1985: Anglo-Irish agreement gives Dublin government consultative voice in daily running of Northern Ireland.
1987: IRA kill 11 at Enniskillen war memorial ceremony.
1988: Three IRA members shot dead by SAS in Gibraltar.
1994: IRA announces ceasefire, matched by pro-British "Loyalist" guerrillas. British officials hold first open meeting with Sinn Fein in more than 70 years.
1995: Britain ends 23-year ban on ministerial talks with Sinn Fein. Sinn Fein breaks off exploratory talks.
1996: IRA ends ceasefire, setting off bomb in London's Docklands district, killing two people. Multi-party talks on the future of Northern Ireland begin; Sinn Fein is excluded.
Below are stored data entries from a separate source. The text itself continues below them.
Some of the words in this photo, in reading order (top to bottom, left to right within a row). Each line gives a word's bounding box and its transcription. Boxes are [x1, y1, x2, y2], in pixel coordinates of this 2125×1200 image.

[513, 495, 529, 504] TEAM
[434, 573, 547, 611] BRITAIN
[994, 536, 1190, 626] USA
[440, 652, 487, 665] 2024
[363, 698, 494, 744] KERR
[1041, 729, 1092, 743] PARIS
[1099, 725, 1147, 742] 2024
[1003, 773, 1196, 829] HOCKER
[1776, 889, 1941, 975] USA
1997: Adams and chief negotiator Martin McGuinness win seats in British parliament but decline to take them up. IRA announces "unequivocal" ceasefire. Two Protestant parties quit talks in protest at lack of IRA commitment to hand in its arms.
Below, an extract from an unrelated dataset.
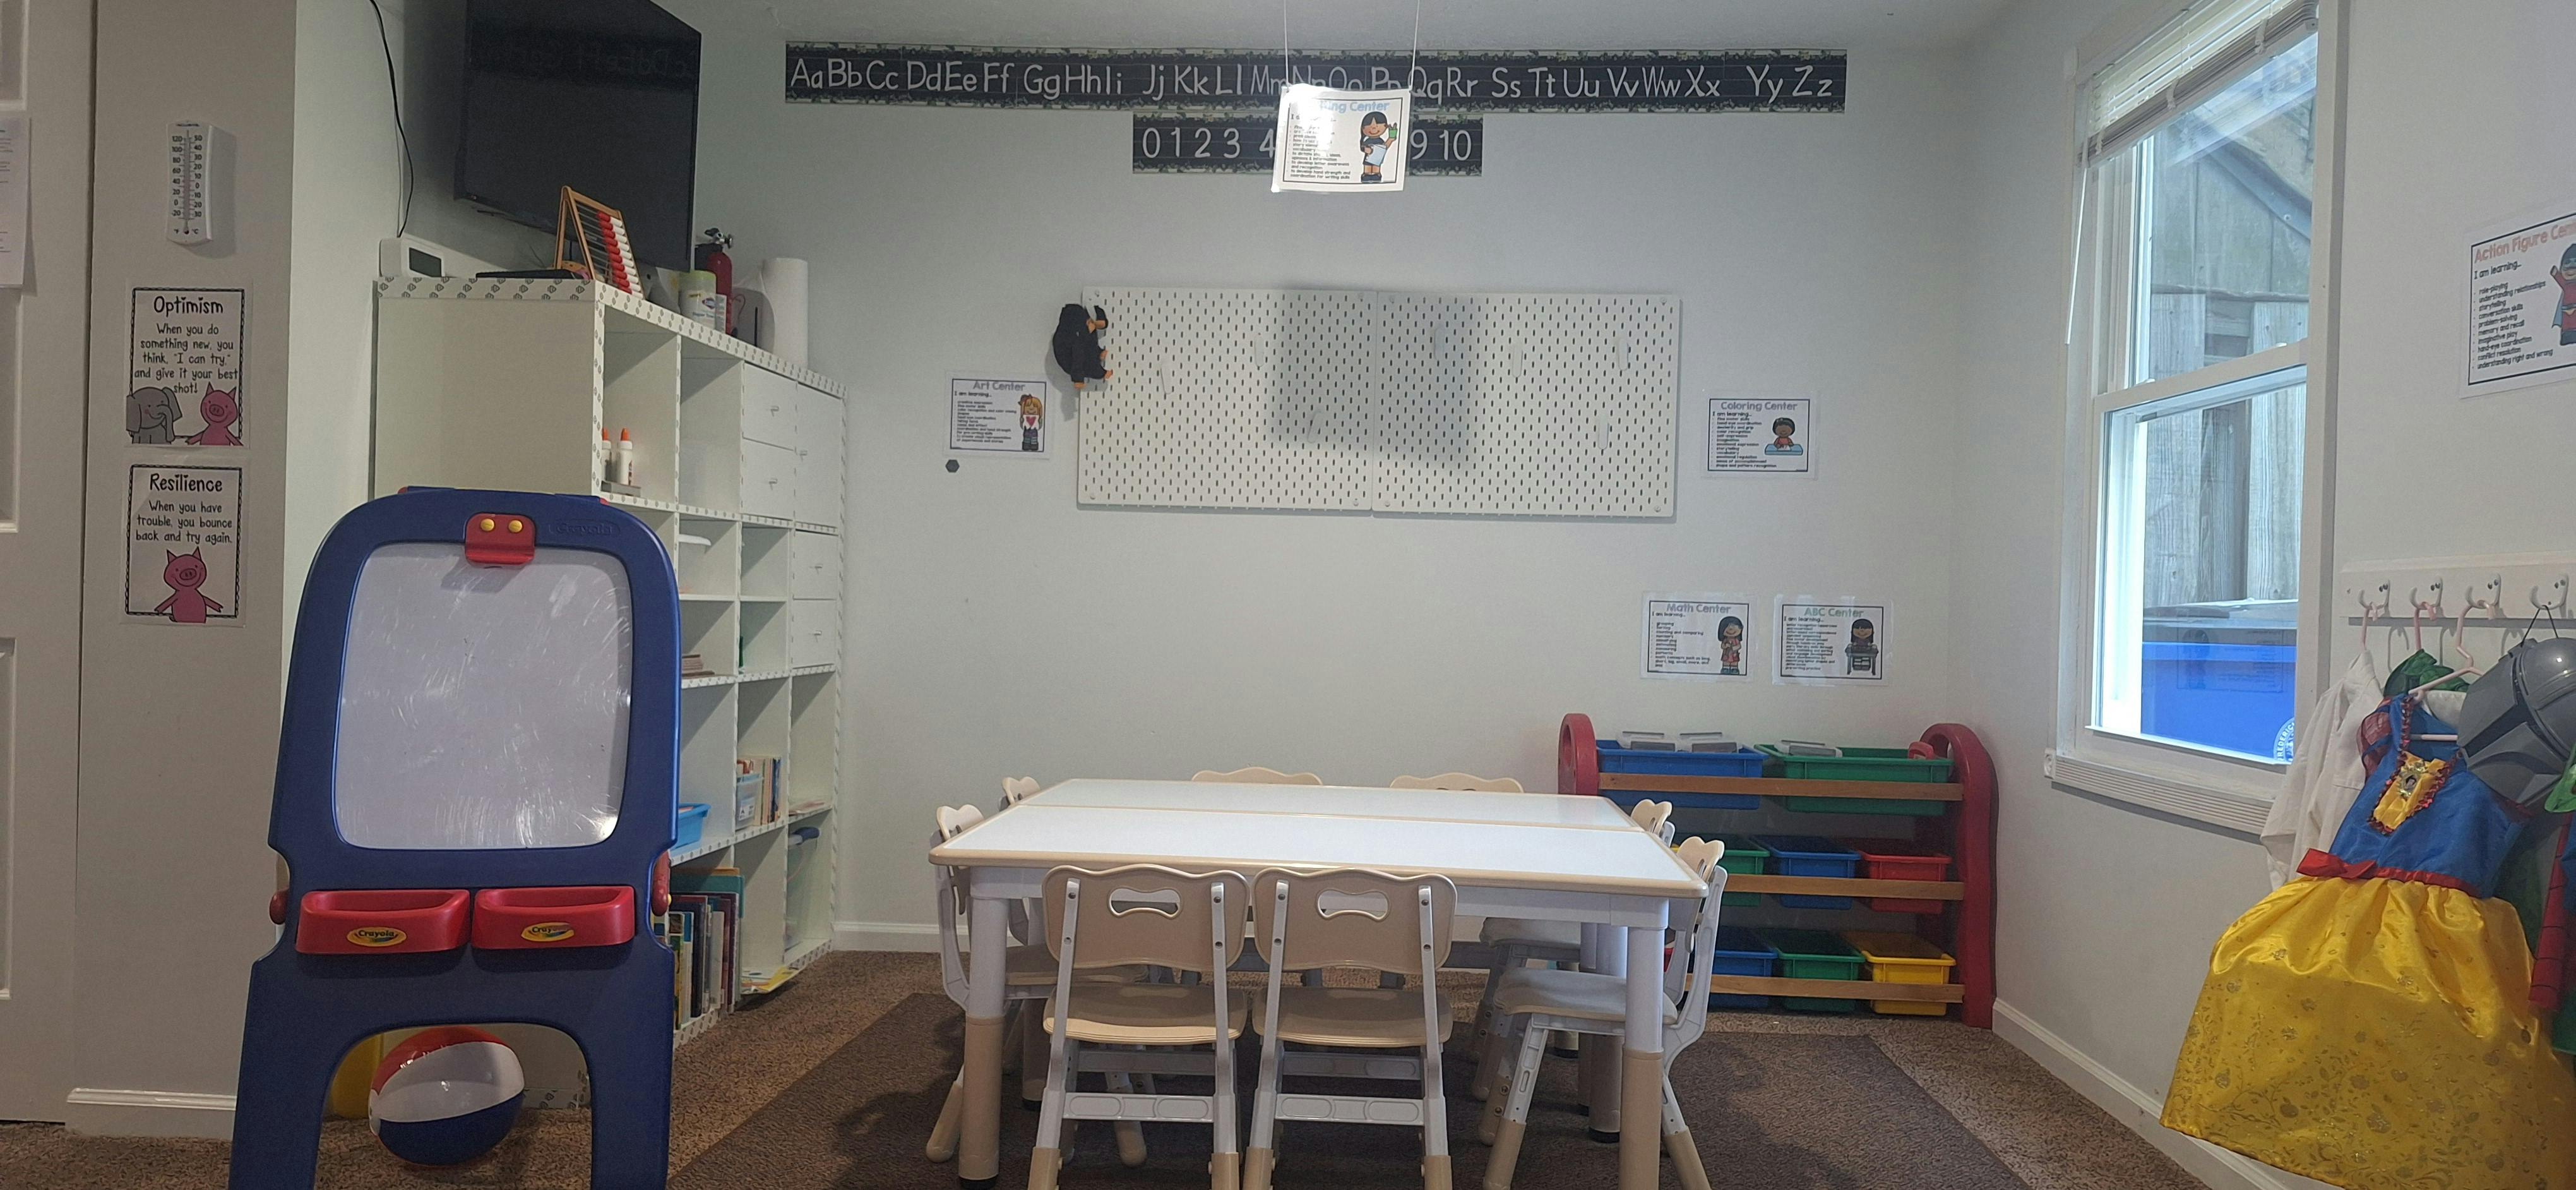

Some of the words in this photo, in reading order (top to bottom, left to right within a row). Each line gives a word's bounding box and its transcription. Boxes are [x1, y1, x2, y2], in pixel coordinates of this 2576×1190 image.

1998: "Good Friday" peace deal follows marathon talks to end conflict and devolve rule. Elections to a new Northern Ireland assembly held; Protestant Ulster Unionist Party (UUP) leader David Trimble elected First Minister designate.
-- Car bomb in Omagh, Northern Ireland, kills 29 in worst single attack in nearly 30 years of violence. Real IRA splinter group claims responsibility.
1999: Province gets own government in which Catholics and Protestants share power, ending 27 years of London rule.
2000: Britain suspends -- then restores -- assembly over IRA disarmament.
2001: Trimble resigns over the IRA's failure to disarm -- then is re-elected when IRA says it puts some arms beyond use.
2002: Sinn Fein offices raided by police probing alleged IRA spy ring. Britain suspends the assembly.
2003: Assembly elections boost hardliners on both sides.
2004: Blair and Ahern open summit at Leeds Castle, Kent, aimed at reaching a deal. IRA guerrillas later say they will never be "humiliated" by the photographing of their final acts of disarmament, the last sticking point in the drive for a political settlement.
2005: Trimble resigns as leader of the moderate Protestant Ulster Unionist Party (UUP) after poor results in Britain's election. Hardline Democratic Unionist Party (DUP) of Ian Paisley surges ahead.
-- IRA pledges to dump arms, commits to political solution in Northern Ireland.